Namun titik yang telah dikerjakan disebut tidak masuk dalam daftar rekomendasi teknis dinas terkait, sehingga memunculkan dugaan adanya pelaksanaan pekerjaan di luar persetujuan resmi.
Jika terbukti, aktivitas tersebut berpotensi melanggar:
UU No. 38 Tahun 2004 tentang Jalan
Permen PU No. 20 Tahun 2010 tentang Pemanfaatan Bagian-bagian Jalan
Pasal 15 Ayat (3) Permen PU 20/2010 terkait kewajiban pemegang izin mengembalikan kondisi jalan
Perbup No. 08 Tahun 2019 tentang Pelayanan Perizinan dan Non Perizinan di Kabupaten Bekasi
Warga sekitar lokasi proyek juga angkat suara. Mereka menyesalkan tidak adanya sosialisasi sebelum pekerjaan dilakukan.

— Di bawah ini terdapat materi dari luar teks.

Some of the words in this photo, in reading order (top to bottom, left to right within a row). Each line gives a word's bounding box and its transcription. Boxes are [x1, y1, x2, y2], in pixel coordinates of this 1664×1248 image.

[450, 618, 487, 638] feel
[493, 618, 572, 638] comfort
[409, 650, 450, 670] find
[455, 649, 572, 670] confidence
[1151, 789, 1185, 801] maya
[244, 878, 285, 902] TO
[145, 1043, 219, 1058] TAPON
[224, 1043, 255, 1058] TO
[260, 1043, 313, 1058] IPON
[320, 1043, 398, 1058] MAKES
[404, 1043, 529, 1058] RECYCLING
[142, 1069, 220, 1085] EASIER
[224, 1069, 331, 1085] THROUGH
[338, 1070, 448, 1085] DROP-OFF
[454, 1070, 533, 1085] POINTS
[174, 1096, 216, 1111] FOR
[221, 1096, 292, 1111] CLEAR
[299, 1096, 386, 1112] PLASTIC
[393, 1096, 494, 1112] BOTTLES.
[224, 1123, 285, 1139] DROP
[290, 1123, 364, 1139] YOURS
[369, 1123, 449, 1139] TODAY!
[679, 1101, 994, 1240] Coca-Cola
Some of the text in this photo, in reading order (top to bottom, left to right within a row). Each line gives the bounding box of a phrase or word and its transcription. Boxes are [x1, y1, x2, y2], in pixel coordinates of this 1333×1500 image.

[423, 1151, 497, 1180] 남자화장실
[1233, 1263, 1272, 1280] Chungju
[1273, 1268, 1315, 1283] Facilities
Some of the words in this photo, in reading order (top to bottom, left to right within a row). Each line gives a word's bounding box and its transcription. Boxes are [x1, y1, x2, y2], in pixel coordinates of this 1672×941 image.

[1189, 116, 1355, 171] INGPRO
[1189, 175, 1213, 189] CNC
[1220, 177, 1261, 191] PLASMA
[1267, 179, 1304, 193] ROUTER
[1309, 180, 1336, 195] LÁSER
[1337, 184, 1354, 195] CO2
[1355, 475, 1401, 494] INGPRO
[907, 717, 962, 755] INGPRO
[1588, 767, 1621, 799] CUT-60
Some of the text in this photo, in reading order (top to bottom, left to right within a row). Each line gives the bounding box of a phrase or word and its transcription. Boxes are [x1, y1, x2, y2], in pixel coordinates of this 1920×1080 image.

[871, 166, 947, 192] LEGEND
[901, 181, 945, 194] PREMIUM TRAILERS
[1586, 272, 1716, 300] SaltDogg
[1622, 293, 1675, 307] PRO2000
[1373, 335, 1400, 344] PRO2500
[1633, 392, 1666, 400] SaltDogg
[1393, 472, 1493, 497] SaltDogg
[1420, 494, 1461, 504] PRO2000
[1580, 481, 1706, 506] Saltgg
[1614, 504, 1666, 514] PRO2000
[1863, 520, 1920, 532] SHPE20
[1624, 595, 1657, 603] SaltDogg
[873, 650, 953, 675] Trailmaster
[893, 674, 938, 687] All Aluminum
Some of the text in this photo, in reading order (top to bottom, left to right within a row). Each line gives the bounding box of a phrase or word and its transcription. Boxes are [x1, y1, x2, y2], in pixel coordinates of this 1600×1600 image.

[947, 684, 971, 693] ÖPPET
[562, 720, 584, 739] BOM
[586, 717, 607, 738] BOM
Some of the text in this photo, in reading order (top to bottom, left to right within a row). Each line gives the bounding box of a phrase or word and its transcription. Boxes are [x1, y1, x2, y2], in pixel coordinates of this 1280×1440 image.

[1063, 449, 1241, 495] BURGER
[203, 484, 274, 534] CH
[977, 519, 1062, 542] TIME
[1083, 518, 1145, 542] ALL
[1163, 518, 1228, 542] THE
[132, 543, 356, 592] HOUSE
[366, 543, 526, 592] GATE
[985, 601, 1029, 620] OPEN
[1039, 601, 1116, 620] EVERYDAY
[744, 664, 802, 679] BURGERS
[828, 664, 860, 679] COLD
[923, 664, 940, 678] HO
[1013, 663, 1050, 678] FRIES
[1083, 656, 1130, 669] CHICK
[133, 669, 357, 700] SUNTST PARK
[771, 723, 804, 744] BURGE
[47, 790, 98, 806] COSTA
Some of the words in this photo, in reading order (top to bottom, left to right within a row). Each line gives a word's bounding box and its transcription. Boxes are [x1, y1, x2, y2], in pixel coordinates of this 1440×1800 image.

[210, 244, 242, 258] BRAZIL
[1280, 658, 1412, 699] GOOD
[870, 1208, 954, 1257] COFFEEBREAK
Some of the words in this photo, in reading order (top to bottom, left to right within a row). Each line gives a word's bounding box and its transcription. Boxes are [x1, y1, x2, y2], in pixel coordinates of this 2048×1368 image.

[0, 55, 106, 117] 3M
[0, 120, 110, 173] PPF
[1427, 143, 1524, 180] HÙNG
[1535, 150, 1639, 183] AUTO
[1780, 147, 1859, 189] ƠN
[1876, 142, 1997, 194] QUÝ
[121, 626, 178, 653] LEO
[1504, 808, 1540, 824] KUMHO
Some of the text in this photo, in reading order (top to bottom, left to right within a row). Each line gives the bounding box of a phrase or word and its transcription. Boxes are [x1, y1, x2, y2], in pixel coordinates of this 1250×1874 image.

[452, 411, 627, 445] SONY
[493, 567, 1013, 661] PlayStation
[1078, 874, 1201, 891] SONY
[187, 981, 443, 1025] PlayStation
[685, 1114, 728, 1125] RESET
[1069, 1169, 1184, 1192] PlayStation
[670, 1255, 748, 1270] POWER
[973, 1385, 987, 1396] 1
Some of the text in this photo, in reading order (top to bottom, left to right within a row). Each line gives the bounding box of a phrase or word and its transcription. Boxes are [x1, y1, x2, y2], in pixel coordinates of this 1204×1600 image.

“Kami tidak pernah diberi pemberitahuan ataupun sosialisasi. Tiba-tiba sudah ada penggalian dan pemasangan. Masyarakat jadi bingung ini proyek resmi atau tidak,” ujar Budi salah satu warga sekitar.

Menurutnya, minimnya informasi membuat masyarakat merasa diabaikan, terlebih pekerjaan dilakukan di area yang bersinggungan langsung dengan akses jalan dan lingkungan tempat tinggal.
Sejumlah pemerhati infrastruktur menilai, penempatan jaringan utilitas tanpa izin dan di luar rekomendasi teknis berisiko merusak konstruksi jalan, mengganggu utilitas lain, hingga membahayakan keselamatan pengguna jalan. Pelanggaran semacam ini bahkan dapat berujung pada sanksi administratif hingga pembongkaran.
Sementara itu,pihak PT.Indointernet Tbk
Irwan pada saat dikonfirmasi melalui pesan whatsaap menyampaikan bahwa untuk persoalan dugaan pelanggaran, pihaknya biasanya langsung berkoordinasi dengan pemerintah kabupaten. Namun, ia mengaku belum memahami secara rinci terkait hal-hal teknis dalam kasus tersebut. Ia juga menambahkan, apabila diperlukan, pertemuan langsung dapat dijadwalkan pada esok hari.
“Kalo pelanggaran ke dinas infonya si kita langsung ke kabupaten cuma saya ga paham perihal-perihal seperti ini
Kalo mau besok ketemu langsung sama dia.ujarnya
Pihak Dinas Sumber Daya Air, Bina Marga, dan Bina Konstruksi juga belum menyampaikan keterangan terbuka mengenai pengawasan maupun langkah penindakan.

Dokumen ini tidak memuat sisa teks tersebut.